Did anything exist before the World Wide Web?
It’s increasingly hard to remember life before the World Wide Web, but contrary to popular opinion, the internet wasn’t born in 1991
If you’re over the age of 35, you’ll be able to remember life before the World Wide Web.
However, it’s increasingly hard to remember what life was like without search engines, email and social media.
These are just three of the society-changing breakthroughs ushered in by Sir Tim Berners-Lee’s decentralised computer networking masterplan.
Today, we’re blasé about having limitless information, entertainment and communication available on demand.
And while it’s tempting to assume we all lived in a Dark Age before the mid-1990s, that’s simply not the case.
Although life before the World Wide Web was undoubtedly simpler, less informed and far less divisive than nowadays, there were still precursors to the internet.

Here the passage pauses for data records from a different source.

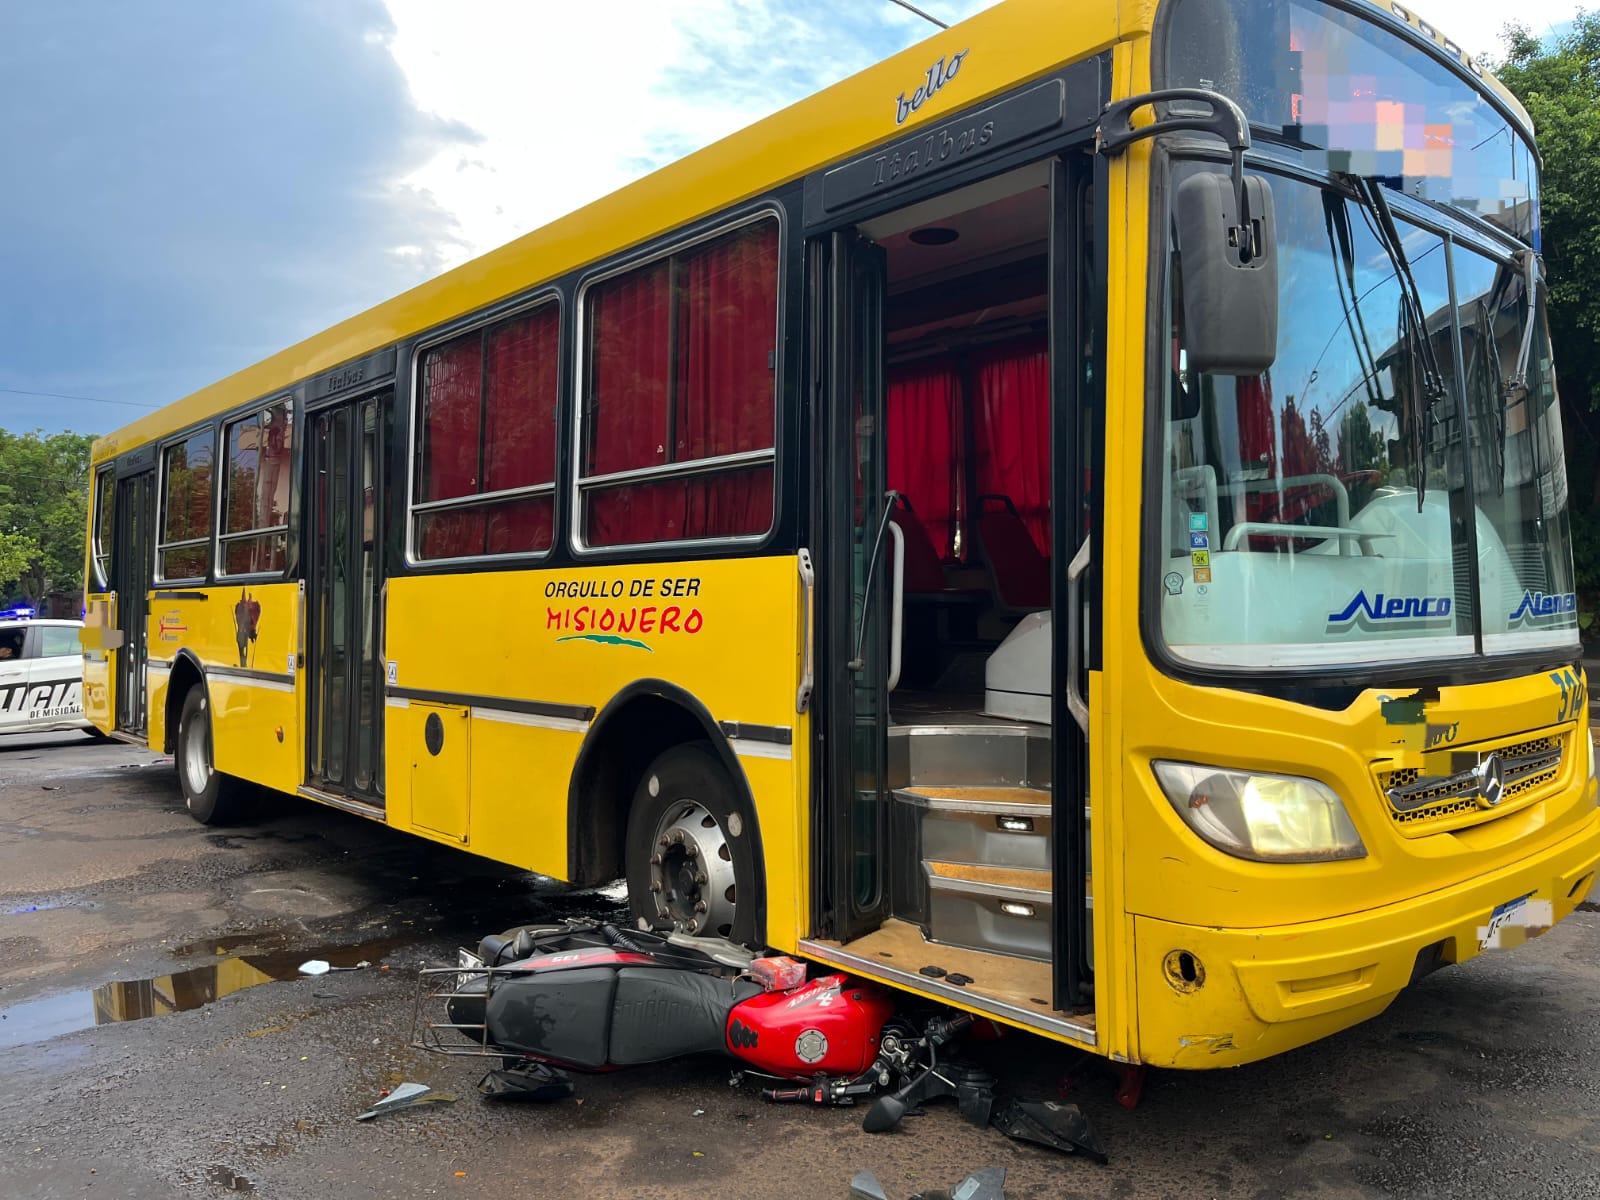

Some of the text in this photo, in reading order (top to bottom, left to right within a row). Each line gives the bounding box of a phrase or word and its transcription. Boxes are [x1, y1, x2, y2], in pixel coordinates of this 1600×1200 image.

[896, 48, 970, 125] bello
[871, 121, 994, 186] Italbus
[545, 578, 701, 598] ORGULLO DE SER
[546, 605, 703, 634] MISIONERO
[43, 704, 84, 717] MISIONE

In fact, the internet itself was around long before Sir Tim’s communications brainwave…
War (what is it good for)?
Well, the internet, for one thing.
If it hadn’t been for the Cold War, the American military wouldn’t have spent most of the 1960s trying to develop bomb-proof communications systems between missile bases.
A 1963 proposal for an Intergalactic Computer Network evolved into 1969’s Advanced Research Projects Agency Network, connecting four computers in different locations.
By the early 1970s, ARPANET also encompassed a radar base in Norway and UCL’s main campus in London, both linked via satellite.
Despite being hacked in 1980, ARPANET continued to expand and was enhanced by the development of the Transmission Control Protocol in 1983.
That same year, experts established a global Domain Name System. Like TCP, DNS still plays a crucial role in the functioning of today’s internet.
By 1985, forward-thinking computing companies were beginning to launch their own websites.
Fittingly, the first web address ever registered – symbolics.com – is now an online museum.
Mid-Eighties websites were rudimentary by today’s standards, but they operated on the same principles.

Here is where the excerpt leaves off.